The most common features of Piriformis Syndrome:

  • Buttock pain (usually worse than LBP),
  • External tenderness over the greater sciatic notch,
  • Aggravation of the pain through sitting,
  • Augmentation of the pain with maneuvers that increase piriformis muscle tension .

Proposed mechanisms for PS include:

  • Contracture or spasm of the PM from trauma,
  • Predisposition to nerve compression by congenital variations of the sciatic nerve or PM, in which the sciatic nerve or its divisions pass through the belly or tendinous portions of a normal muscle or the bellies of a bifid muscle.
  • Overuse and hypertrophy.

A review of general population surveys of sciatica:

  • Lifetime prevalence of 12.2–27%,
  • Annual prevalence 2.2–19.5%
  • Point prevalence1.6–4.8%.
  • The proportion due to herniated disc remains uncertain.
  • In a series of 160 sciatica Pts, only 131 Pts (82%) had herniated disc MRI.
  • The significant minority of people with sciatica but no spinal cause (whether disc or spinal stenosis) points to the need for research on extraspinal causes of sciatica.

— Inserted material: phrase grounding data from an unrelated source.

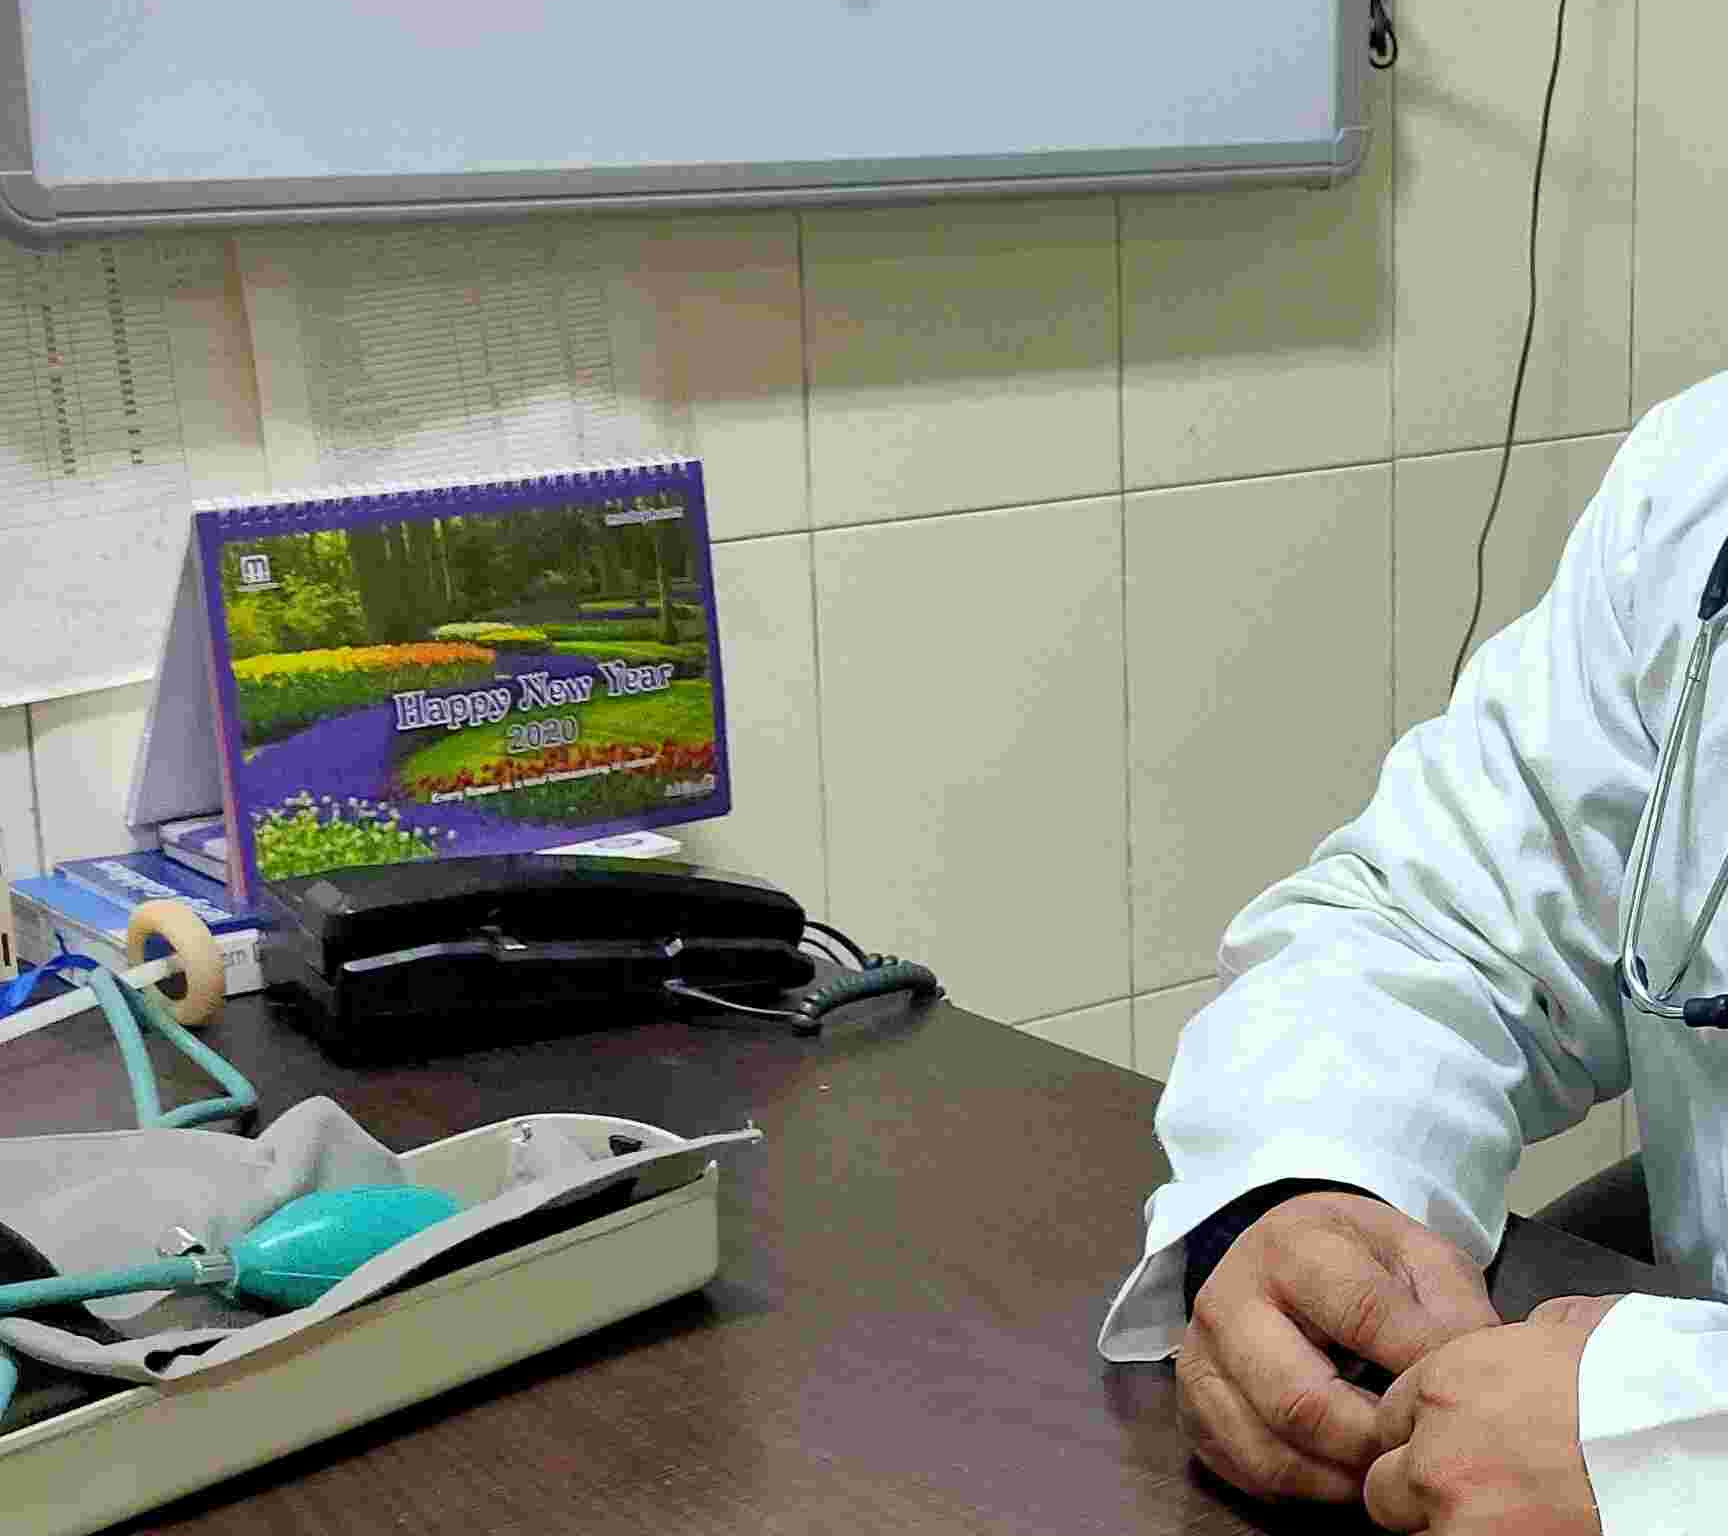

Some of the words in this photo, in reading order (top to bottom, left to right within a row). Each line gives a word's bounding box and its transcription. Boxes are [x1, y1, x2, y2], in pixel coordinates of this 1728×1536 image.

[393, 686, 511, 730] Happy
[517, 671, 593, 711] New
[599, 660, 674, 696] Year
[508, 716, 578, 753] 2020
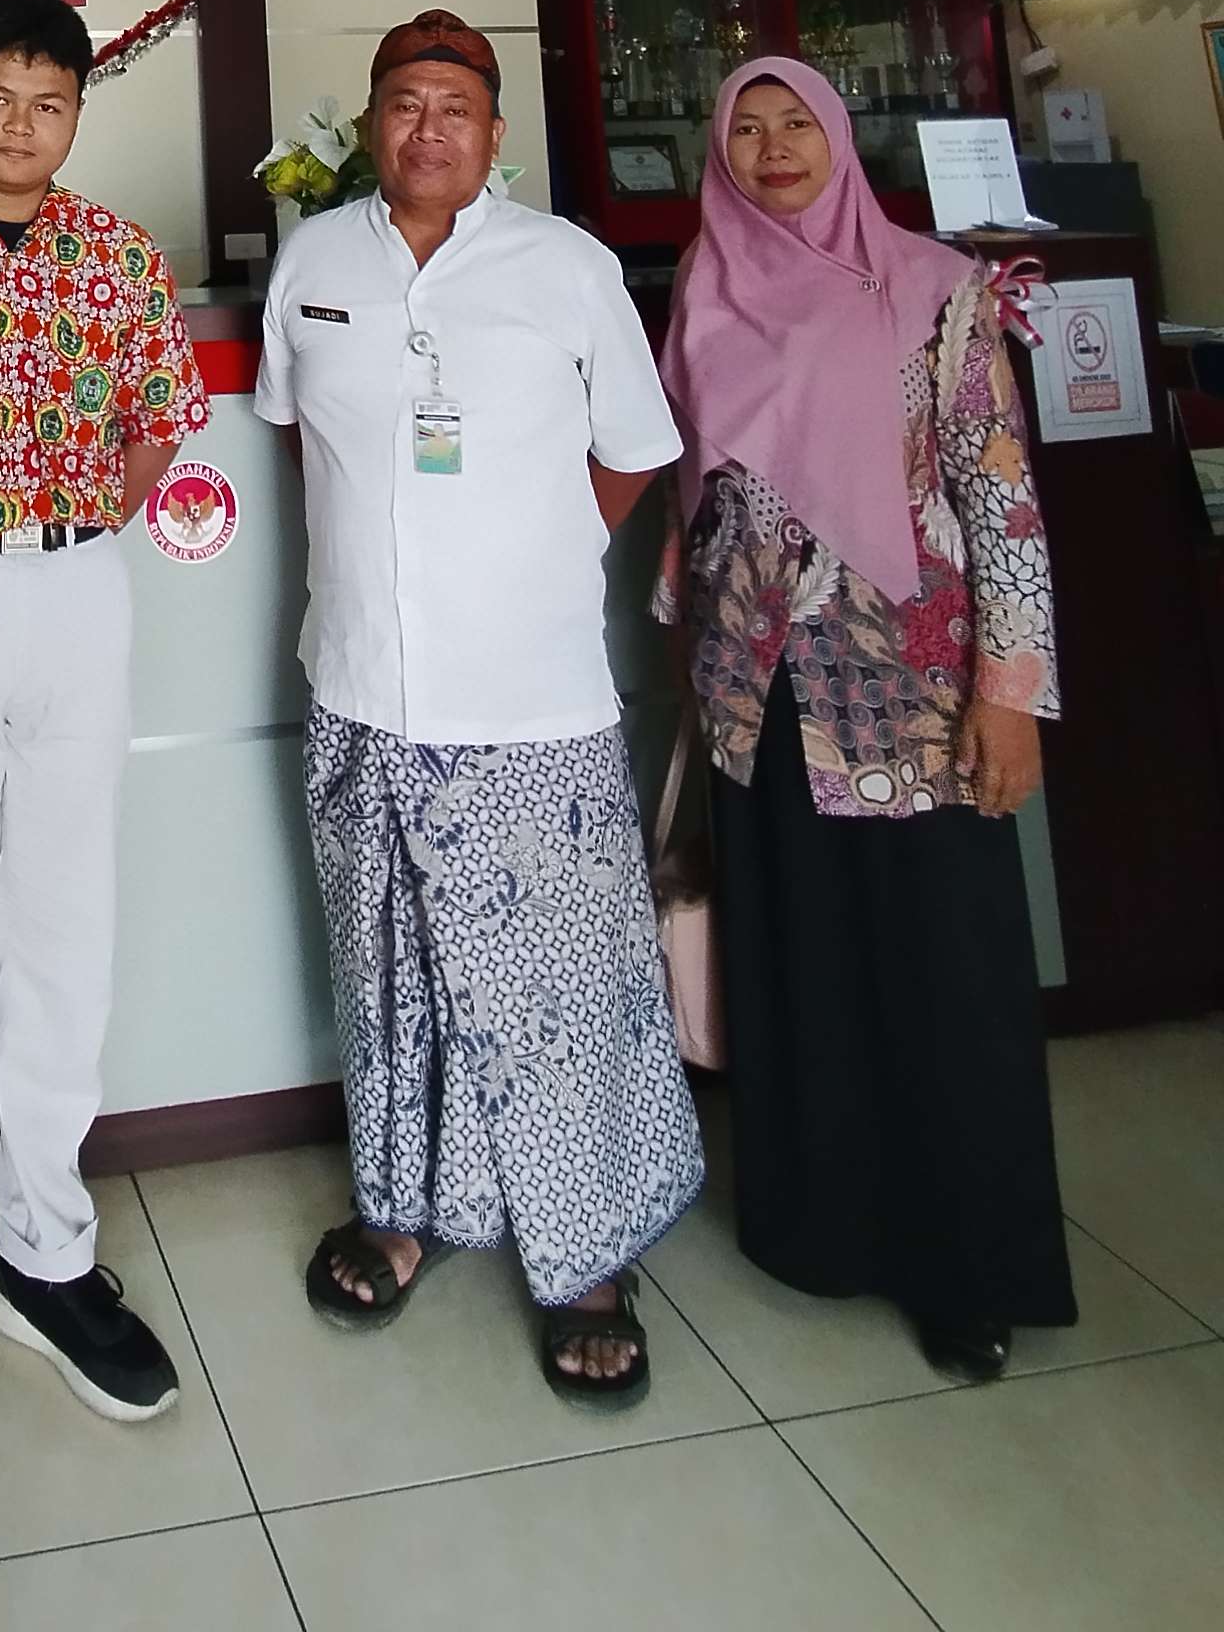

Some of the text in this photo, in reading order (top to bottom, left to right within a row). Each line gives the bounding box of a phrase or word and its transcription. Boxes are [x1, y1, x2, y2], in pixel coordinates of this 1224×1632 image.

[156, 463, 225, 490] DIRGAHAYU
[149, 517, 236, 561] REPUBLIK INDONESIA
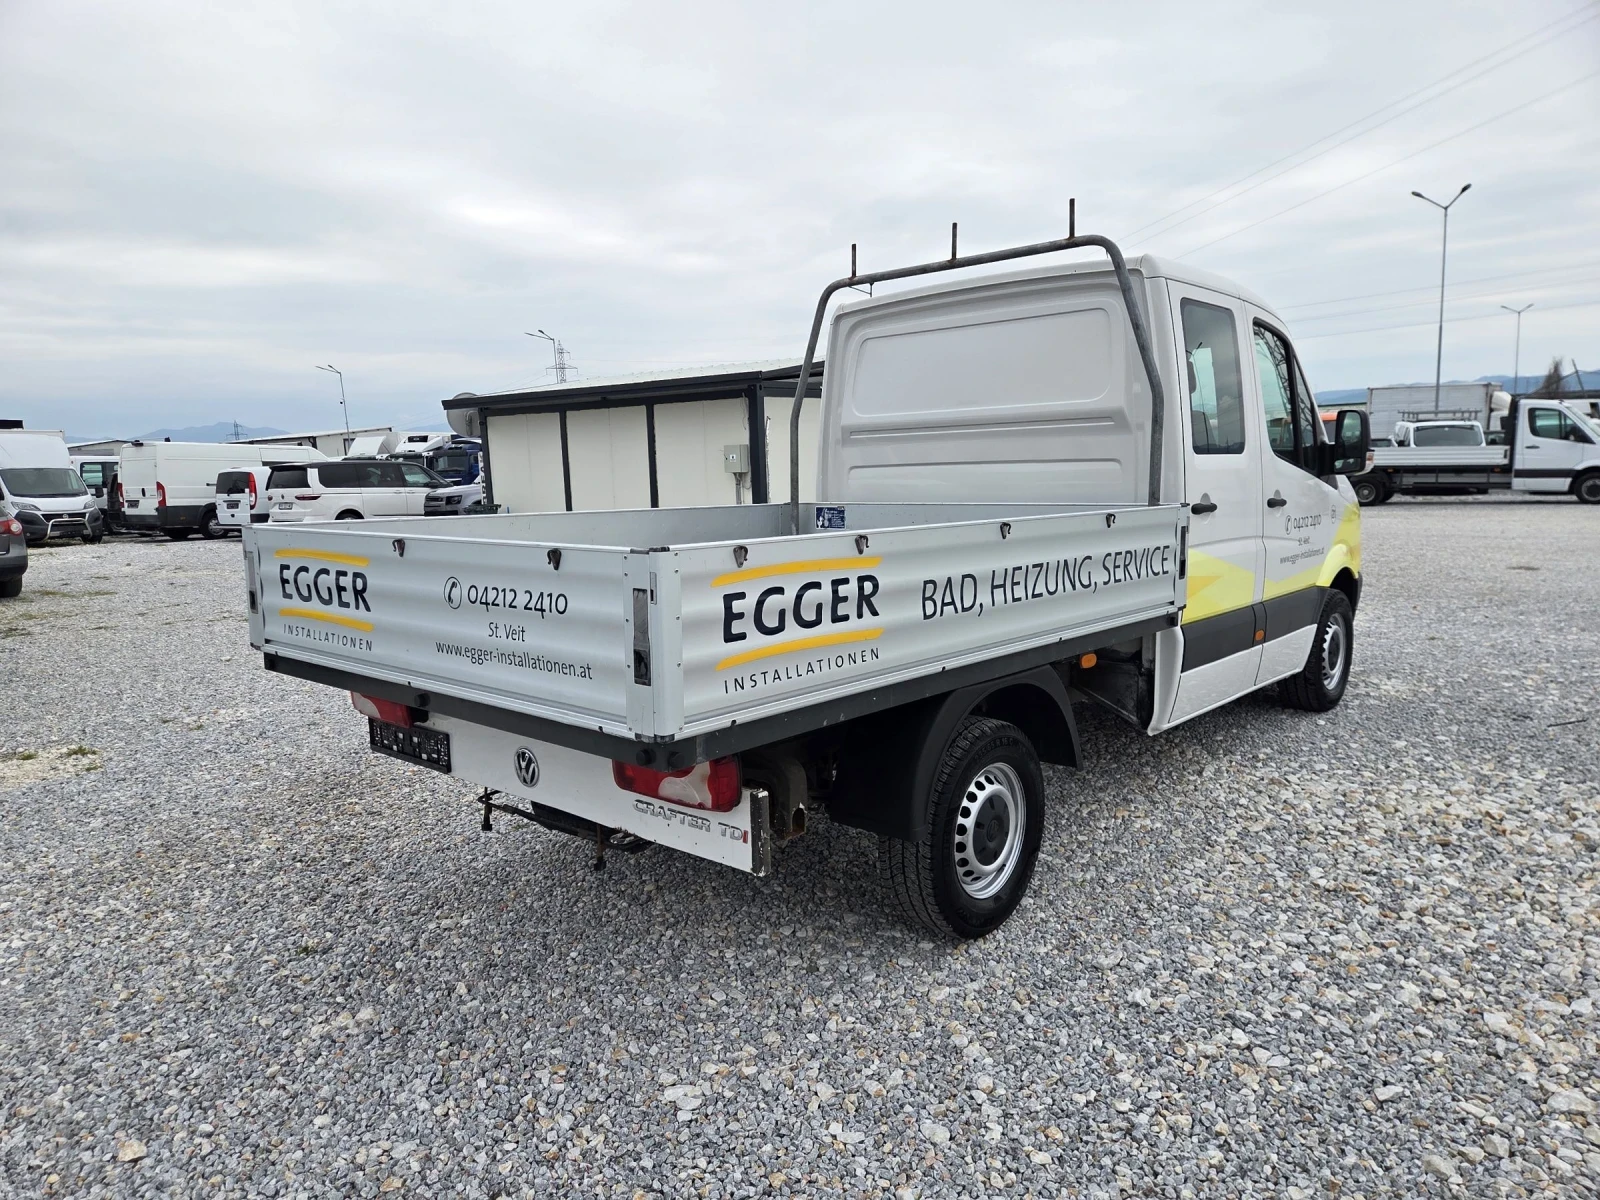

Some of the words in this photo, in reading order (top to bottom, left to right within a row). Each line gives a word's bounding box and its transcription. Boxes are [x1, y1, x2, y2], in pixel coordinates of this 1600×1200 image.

[279, 563, 372, 613] EGGER
[467, 584, 518, 613] 04212
[523, 589, 569, 620] 2410
[921, 573, 984, 621] BAD,
[990, 555, 1098, 607] HEIZUNG,
[1102, 544, 1171, 586] SERVICE
[722, 574, 880, 644] EGGER
[283, 623, 373, 652] INSTALLATIONEN
[488, 621, 502, 639] St.
[503, 623, 526, 643] Veit
[435, 641, 593, 680] www.egger-installationen.at
[724, 647, 880, 695] INSTALLATIONEN
[632, 799, 711, 832] CRAFTER
[717, 822, 749, 844] TDI
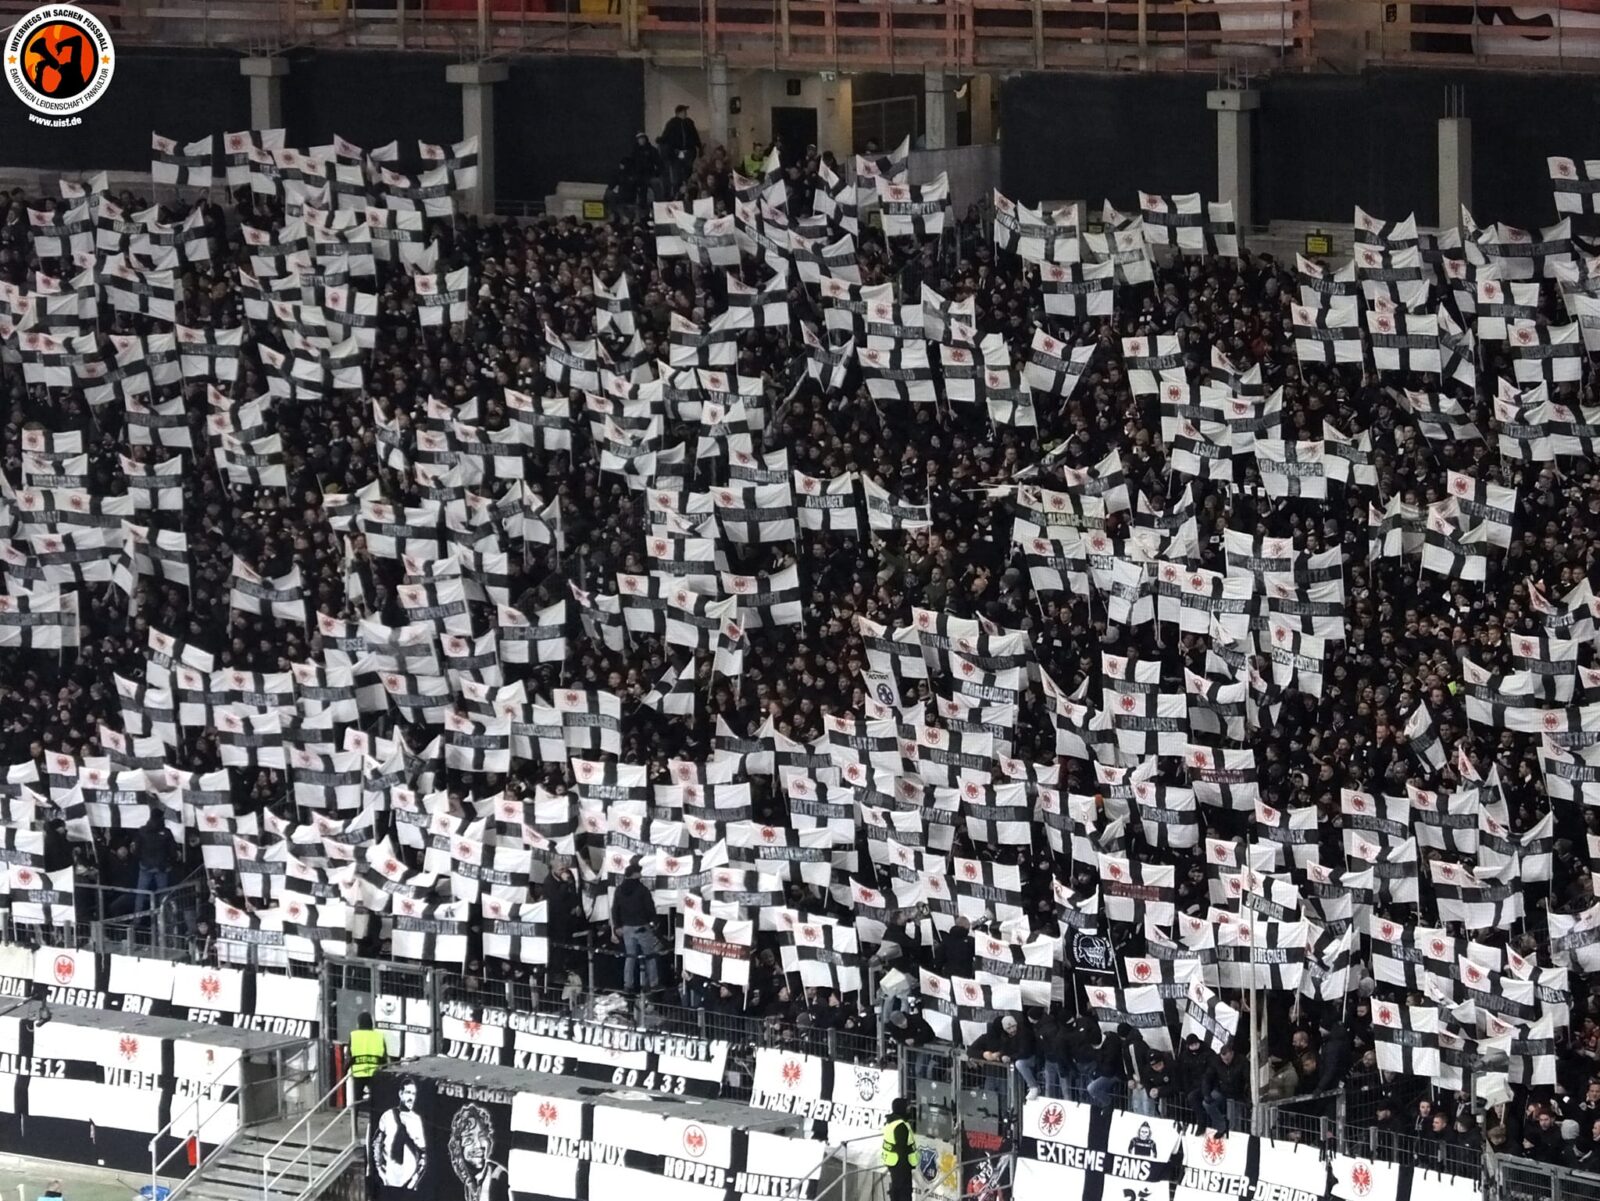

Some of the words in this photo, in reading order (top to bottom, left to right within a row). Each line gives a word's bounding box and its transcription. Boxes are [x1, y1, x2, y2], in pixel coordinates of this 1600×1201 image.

[233, 1013, 312, 1039] VICTORIA
[449, 1040, 500, 1065] ULTRA
[1036, 1140, 1106, 1172] EXTREME
[1112, 1154, 1151, 1181] FANS

There is no accepted investigation that can act as the reference standard for PS.
There is no reliable method of diagnosis.

Confirmed Muscle-Based Piriformis Syndrome:

  1. Sciatic Pts who responded to local anesthetic and steroid injections into the PM.
  2. Pts who respond to surgical correction: excision of calcified muscle, surgical division of piriformis.

Commentary: This thorough review of the literature points out the current status of the diagnosis of piriformis syndrome as very difficult to confirm. There is no gold standard; there is no objective clinical test to verify the diagnosis as accurate. An important indicator would be the failure to identify on MRI the presence of a herniated disc or spinal stenosis at the level and side of neurologic localizing signs. 18% of sciatic patients failed to demonstrate either a herniated disc or spinal stenosis on MRI indicating that the cause of the complaints may be extraspinal in origin.The four common features consistent with piriformis syndrome clinically suggest the likelihood that a patient's clinical presentation may be due to piriformis syndrome. Additionally, a beneficial response to local anesthetic and steroid injections into the piriformis muscle may help confirm the diagnosis.